U.S. Court of Appeals for the Ninth Circuit
U.S. Court of Appeals for the Ninth Circuit (Jason Doiy / The Recorder)

SAN FRANCISCO — The U.S. Court of Appeals for the Ninth Circuit has refused to enforce a so-called “browsewrap” arbitration agreement incorporated into the website of Barnes & Noble Inc. against customers who claim the bookseller reneged on their purchases of discounted computer tablets.

Barnes & Noble did not take adequate steps to assure its customers were aware of an arbitration agreement tucked in the website’s terms of use, a unanimous three-judge panel ruled Monday. The panel affirmed the 2012 decision of the U.S. District Court for the Central District of California and denied Barnes & Noble’s motion to compel arbitration.

“The onus must be on the website owners to put users on notice of the terms to which they wish to bind consumers,” Judge John Noonan wrote for the circuit panel. “Given the breadth of the range of technological savvy of online purchasers, consumers cannot be expected to ferret out hyperlinks to terms and conditions to which they have no reason to suspect they will be bound.”

Cooley partner Michelle Doolin argued for Barnes & Noble. Gretchen Carpenter of Strange & Carpenter in Los Angeles argued for the plaintiffs.
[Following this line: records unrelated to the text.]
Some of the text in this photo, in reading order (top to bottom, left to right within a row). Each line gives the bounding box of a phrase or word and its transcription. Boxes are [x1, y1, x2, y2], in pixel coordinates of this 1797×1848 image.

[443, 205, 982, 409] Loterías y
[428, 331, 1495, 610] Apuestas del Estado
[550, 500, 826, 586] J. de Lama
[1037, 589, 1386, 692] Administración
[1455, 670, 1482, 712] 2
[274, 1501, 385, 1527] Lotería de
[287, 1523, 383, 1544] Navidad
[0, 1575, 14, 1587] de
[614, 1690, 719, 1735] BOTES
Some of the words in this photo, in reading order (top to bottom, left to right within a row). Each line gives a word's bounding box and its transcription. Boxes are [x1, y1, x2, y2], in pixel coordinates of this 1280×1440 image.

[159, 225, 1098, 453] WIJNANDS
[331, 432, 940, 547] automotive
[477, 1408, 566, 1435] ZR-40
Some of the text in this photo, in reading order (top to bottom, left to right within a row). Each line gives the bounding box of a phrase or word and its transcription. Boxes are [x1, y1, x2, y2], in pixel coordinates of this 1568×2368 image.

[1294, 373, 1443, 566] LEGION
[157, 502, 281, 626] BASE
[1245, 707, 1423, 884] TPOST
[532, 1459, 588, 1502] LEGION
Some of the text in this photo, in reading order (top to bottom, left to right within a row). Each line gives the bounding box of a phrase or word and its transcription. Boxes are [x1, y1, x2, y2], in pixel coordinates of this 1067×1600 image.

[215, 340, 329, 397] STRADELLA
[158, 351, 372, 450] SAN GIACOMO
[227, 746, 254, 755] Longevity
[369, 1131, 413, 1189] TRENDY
The bookstore chain attempted to enforce the agreement after it was hit with a false advertising class action in 2012. Name plaintiff Kevin Nguyen sued the retailer for misrepresentation after he tried to purchase two discounted Hewlett-Packard Inc. Touchpads on the Barnes & Noble website and received email confirmation, only to be informed the following day that the retailer was out of stock. In response, Barnes & Noble argued its customers were bound to arbitration under terms of use available via hyperlink at the bottom of every page of the company’s website.

Such agreements, which do not require users to click an “I agree” box or otherwise indicate assent, are known as “browsewrap” agreements. Barnes & Noble argued its customers consented to arbitration simply by using the website.

The panel disagreed. Nguyen did not read the agreement, or even click on the link, Noonan noted. And Barnes & Noble did not give him reasonable notice to click simply by placing the hyperlink in close proximity to buttons required to complete the purchase, ruled the panel, which included Judge Kim Wardlaw and U.S. District Judge Roslyn Silver of Arizona sitting by designation.

“In light of the lack of controlling authority on point, and in keeping with courts’ traditional reluctance to enforce browsewrap agreements against individual consumers,” Noonan wrote, “we therefore hold that … even close proximity of the hyperlink to relevant buttons users must click on—without more—is insufficient to give rise to constructive notice.”

Contact the reporter at mkendall@alm.com.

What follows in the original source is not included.